Afin d’utiliser le stade de La Martine, le FC Septèmes, qui reste basé au complexe du Grand Pavois, a adossé « Consolat » à son nom, alors, forcément, cela réveille quelques consciences et suscite de la curiosité. « On parle quand même plus de Septèmes que de Consolat mais en montant les échelons, j’espère qu’on entendra parler aussi de Consolat compte tenu de ce que ce club a fait ces dernières années. D’ailleurs, Jean-Luc Mingallon garde un oeil sur Septèmes-Consolat même si c’est Salah Nasri, l’oncle de Samir, qui est là au quotidien. On joue en championnat et on s’entraîne à La Martine. Pour l’instant, en championnat, ça se passe bien. On est 2e derrière La Cayolle, avec 5 points d’avance sur le 3e, Rousset B. Ce sont les deux premiers qui montent. On a fait, récemment, un faux pas à domicile, contre Saint-Antoine, c’est dommage. Mais on veut remettre le club à un niveau acceptable. Parce que tout ce qui a été fait avant à Consolat a été détruit par des personnes qui n’en avaient rien à faire du club et ne pensaient qu’à leur intérêt; c’est toujours plus facile de détruire que de construire. Si on arrive à faire monter les seniors en Régional 2, cela permettra aux jeunes d’intégrer l’équipe une. Pour l’instant, je n’ai pas pris de U18 avec moi parce que je trouve que ce n’est pas forcément mieux pour eux de jouer en PHA, leur championnat est intéressant. On a une bonne image, beaucoup de joueurs aimeraient nous rejoindre, on attire, même si le niveau est un peu compliqué, c’est pour ça, il faut monter ! Dans mon équipe, il y a le gardien Nicolas Zacharelli qui a joué à Marignane en N2 et National, et aussi Enzo Sauvage, notre attaquant, qui est passé par Wolverhampton chez les jeunes et qui devait partir renforcer la réserve de l’OM à l’intersaison; il a fait 15 jours d’essai avec eux et ils avaient l’air d’être satisfaits. On l’aurait laissé partir pour un contrat, on aurait été content pour lui même si c’est notre meilleur buteur mais du jour au lendemain, l’OM n’a plus donné de nouvelles… C’est l’OM dans toute sa splendeur, ce n’est pas très classe, sans compter qu’il ne nous ont pas avertis non plus. »
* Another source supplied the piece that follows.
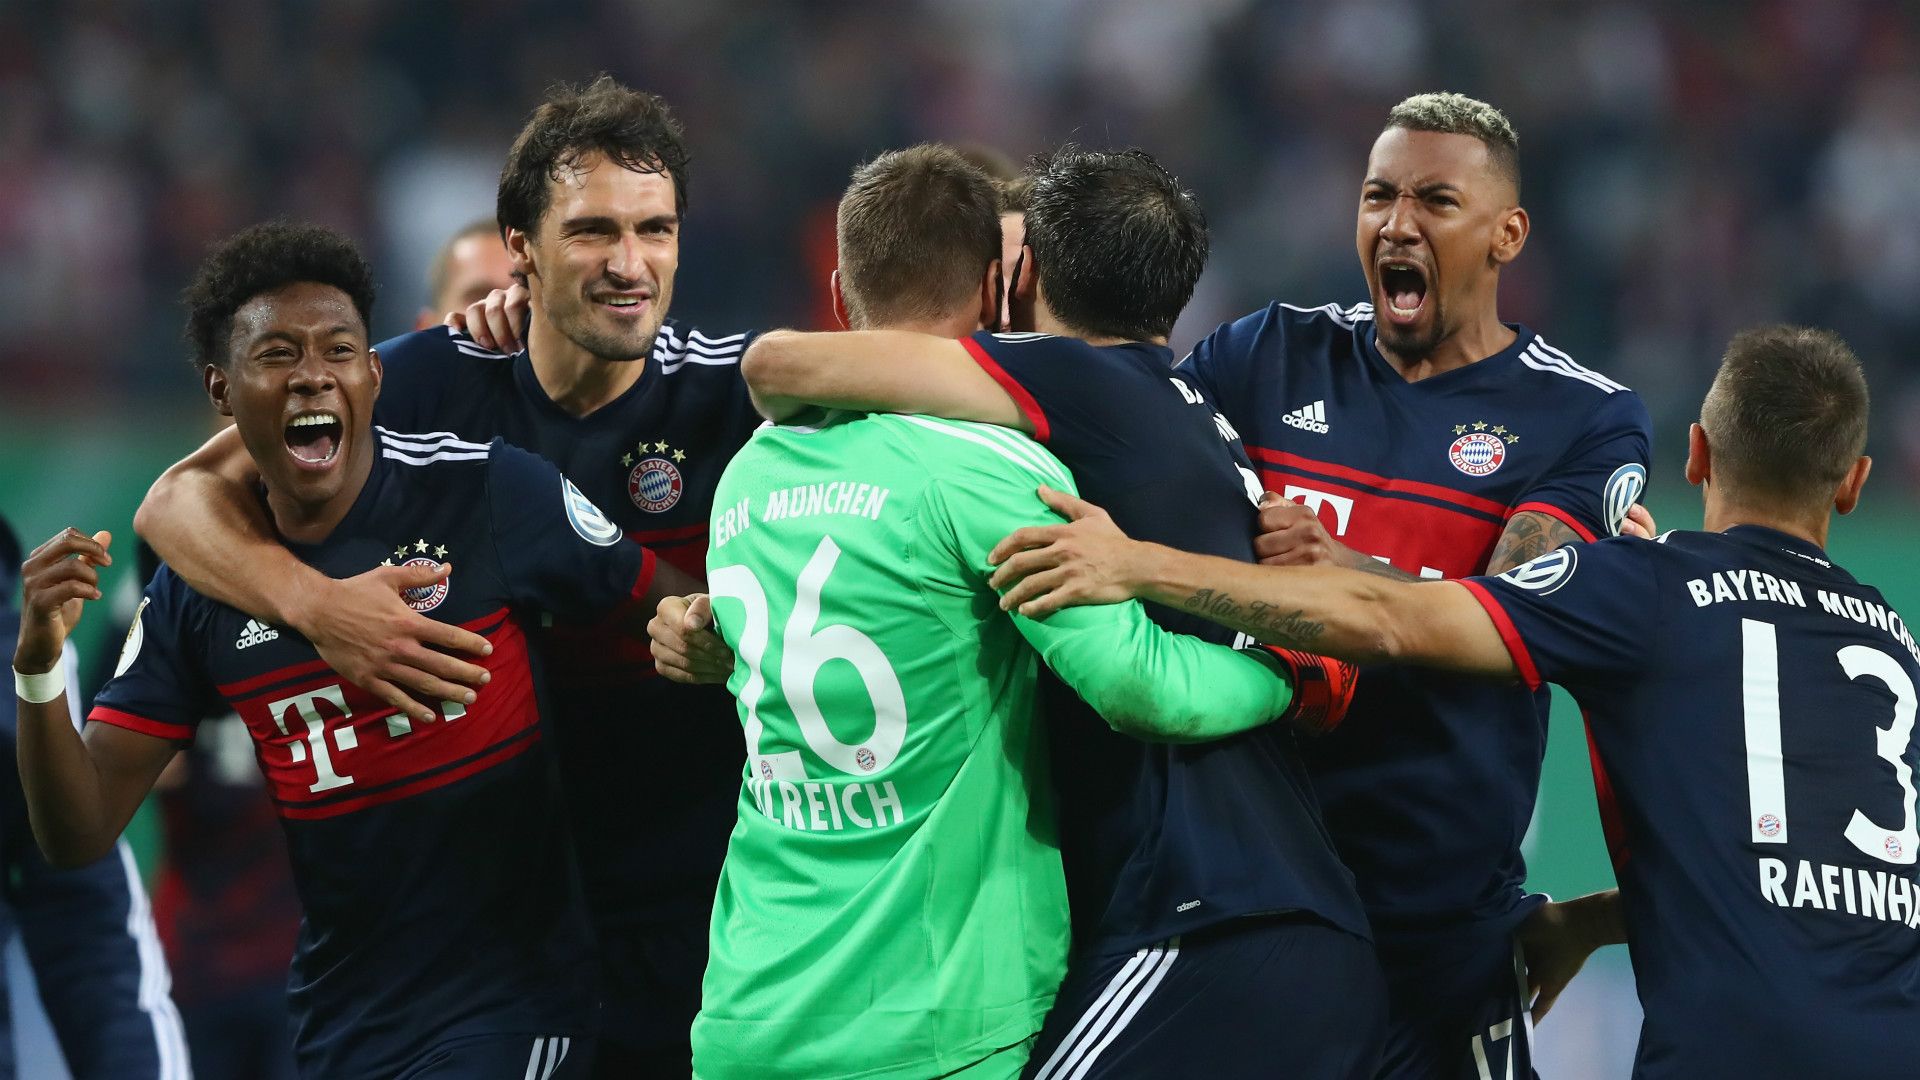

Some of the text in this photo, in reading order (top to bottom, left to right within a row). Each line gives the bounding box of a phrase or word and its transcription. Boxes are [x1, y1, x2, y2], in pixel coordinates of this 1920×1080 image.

Franck Priou du tac au tac

« Mon idole, c’était Jean-Pierre Orts ! »

Avec l’AS Cannes. Photo Serge Haouzi.

Meilleur souvenir sportif de joueur ?
Il y en a beaucoup ! Il vaut mieux ! S’il n’y en avait qu’un seul, ce serait dramatique (rires !). La montée en D1 avec Mulhouse mais la plus belle, quand même, je pense que c’est avec Istres, quand j’étais amateur, en Division 3, on est monté en Division 2, je n’étais pas destiné à devenir joueur pro, et à 19/20 ans, je monte de D4 en D2 avec Istres, c’est le plus beau, parce que c’était inattendu. Je termine meilleur buteur de D4 puis de D3 (22 buts), et je fais une saison honorable en D2 avec Istres (30 matchs, 14 buts), où on était amateur, mais c’est ce qui me permet de lancer ma carrière. Mes plus belles années, c’étaient celles-là, parce que je découvrais tout. Je découvrais la vie. Je sortais de l’armée à Auxerre à 19 ans, je n’avais jamais rien fait, j’avais quitté l’école à 16 ans, je travaillais à Point P. J’avais été sollicité mais le fait de monter avec Istres en D2 ça me donnait l’occasion de savoir ce dont j’étais capable. Il fallait que je me prouve à moi-même d’abord, il fallait que je sache si, déjà, je pouvais jouer en D2 avec mon club, avant d’espérer viser mieux. C’est ce que je reproche au football d’aujourd’hui : un jeune, on le met sur un piédestal alors qu’il n’a pas prouvé grand-chose, pour certains, qui n’ont jamais fait un match en pro.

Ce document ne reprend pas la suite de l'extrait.